Discuter, débattre, échanger des idées ? Certainement. Mais en bout de piste, objection de conscience ou pas, il faudra rentrer dans le rang. Le gouvernement de Justin Trudeau a décidé d’imposer la ligne de parti à ses députés dans le dossier de l’aide médicale à mourir. Une position qui déçoit grandement ses adversaires conservateurs de même qu’au moins un élu libéral.
« Maudit qu’ils me font de la peine ! » En entrevue, le député conservateur Gérard Deltell manque de mots pour dire sa déception en apprenant que les libéraux seront obligés de voter en faveur de la future loi fédérale — dont le libellé n’est pas encore connu — sur l’aide médicale à mourir.

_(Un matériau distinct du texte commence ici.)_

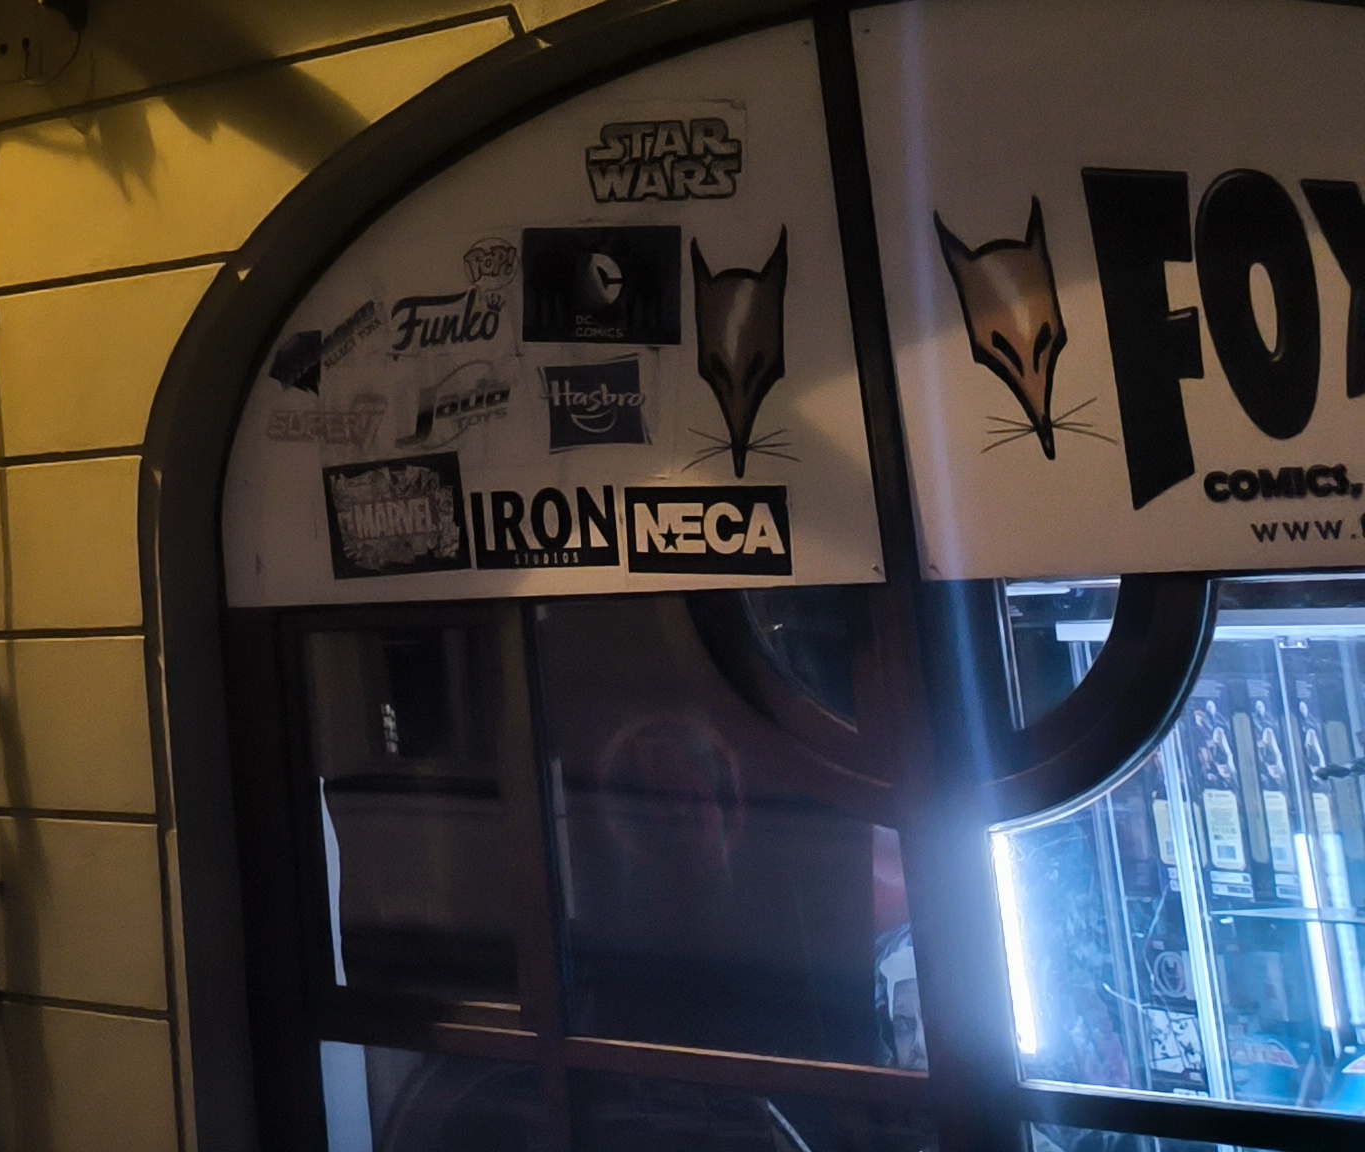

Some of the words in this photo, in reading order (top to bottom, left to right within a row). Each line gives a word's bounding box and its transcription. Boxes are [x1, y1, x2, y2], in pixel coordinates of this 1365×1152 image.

[585, 118, 742, 163] STAR
[586, 158, 742, 202] WARS
[463, 245, 517, 283] POP!
[391, 288, 501, 350] Funko
[575, 327, 624, 339] COMICS
[545, 380, 645, 411] Hasbro
[1204, 464, 1364, 501] COMICS,
[353, 497, 437, 539] MARVEL
[471, 485, 619, 551] IRON
[634, 501, 786, 555] NECA
[1251, 514, 1365, 542] www.
[514, 551, 580, 566] STUDIOS

« Je suis sincèrement très déçu de la tournure que ça prend. On est en plein dans l’exercice, en plein dans les réflexions pour trouver consensus, et on apprend que la partie est jouée d’avance. À partir du moment où le gouvernement dit qu’il faut voter pour, et qu’il est majoritaire, on fait quoi, nous autres ? L’affaire est déjà entendue. C’est décevant pour tout ce qui a été fait depuis trois semaines. »
M. Deltell rappelle que Justin Trudeau a salué la démarche menée par le Québec dans ce dossier. « Le gouvernement devrait respecter de l’expérience québécoise le fait que c’était un vote libre et non pas un vote dirigé par le gouvernement. Je dois rappeler qu’il y a 22 députés ministériels qui ont voté contre [la Loi sur les soins de fin de vie] à Québec, incluant 11 ministres, presque la moitié du conseil des ministres. » M. Deltell est le seul élu à la Chambre des communes à avoir été présent pendant tout le débat, et le vote final, à l’Assemblée nationale sur l’aide médicale à mourir.

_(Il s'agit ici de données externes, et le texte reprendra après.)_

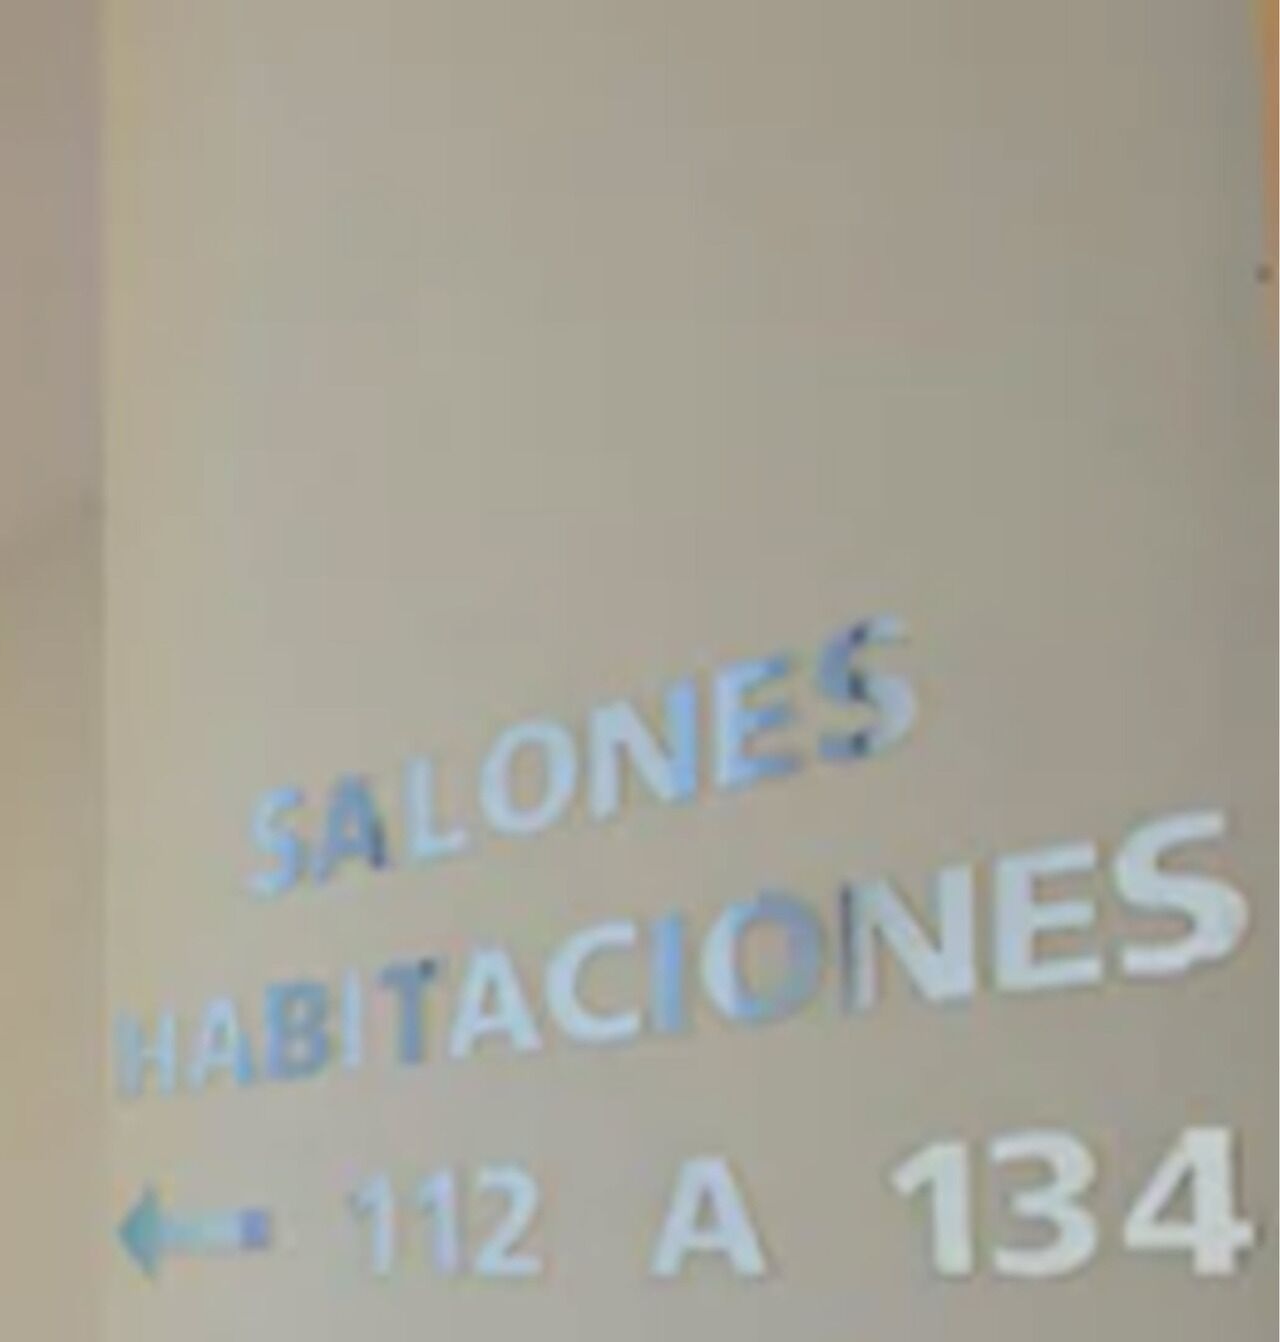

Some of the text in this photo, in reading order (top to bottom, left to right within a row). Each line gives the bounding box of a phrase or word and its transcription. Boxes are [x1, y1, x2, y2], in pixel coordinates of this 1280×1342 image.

[247, 613, 918, 898] SALONES
[114, 809, 1248, 1099] HABITACIONES
[349, 1125, 1255, 1277] 112 A 134

Le gouvernement de Justin Trudeau a mandaté un comité de 16 députés et sénateurs (dont M. Deltell) pour étudier la question et lui faire des recommandations d’ici le 25 février prochain. Les parlementaires doivent se réunir cette semaine pour peaufiner leur rapport. Le gouvernement a promis qu’il s’en inspirerait pour rédiger sa loi, rendue nécessaire par un récent jugement de la Cour suprême.
Mais voilà que vendredi, le leader du gouvernement en Chambre, Dominic Leblanc, a déclaré en entrevue avec le Globe and Mail que la loi ne fera pas l’objet d’un vote libre. Les députés libéraux devront l’appuyer. « En bout de piste, la Cour suprême a désigné l’aide à mourir comme un droit et nous voterons toujours de manière à protéger les droits garantis par la Charte », a déclaré M. Leblanc.
Justin Trudeau a en effet promis que certains sujets seraient toujours soumis à la ligne de parti, notamment les initiatives affectant les droits protégés par la Constitution. En vertu de ce principe, le chef libéral a exigé de ses futurs candidats qu’ils s’engagent à voter contre toute initiative anti-avortement.
Libéral, pro-vie et inquiet
Le député libéral John McKay, un pro-vie qui a accepté de rentrer dans le rang pour se représenter à l’élection, se dit surpris d’apprendre qu’il sera obligé de voter pour la loi, quelle qu’elle soit. Il ne comprend pas l’argument chartiste mis en avant par Dominic Leblanc.
« Je tenais pour acquis que toutes les options qui nous seraient présentées seraient respectueuses de la Charte », s’étonne-t-il en entrevue au Devoir. La Cour suprême a peut-être décrété que l’aide médicale à mourir est un droit, dit-il, mais elle n’a pas dicté la forme que doit prendre cette aide. M. McKay revendique donc le droit de débattre des modalités de cette pratique et, éventuellement, de s’opposer aux options retenues par le gouvernement. « Ça m’inquiète de savoir qu’il y aura une ligne de parti avant même que le rapport du comité ou le projet de loi ne soient rédigés. »
Si M. McKay n’est pas enthousiaste à l’idée de permettre l’aide à mourir, il s’incline devant la décision de la Cour. « Ce n’est pas entièrement conforme à ma vision de la vie. Ma vision de la vie est conforme aux principes chrétiens, mais je reconnais que nous vivons dans une société post-judéochrétienne. »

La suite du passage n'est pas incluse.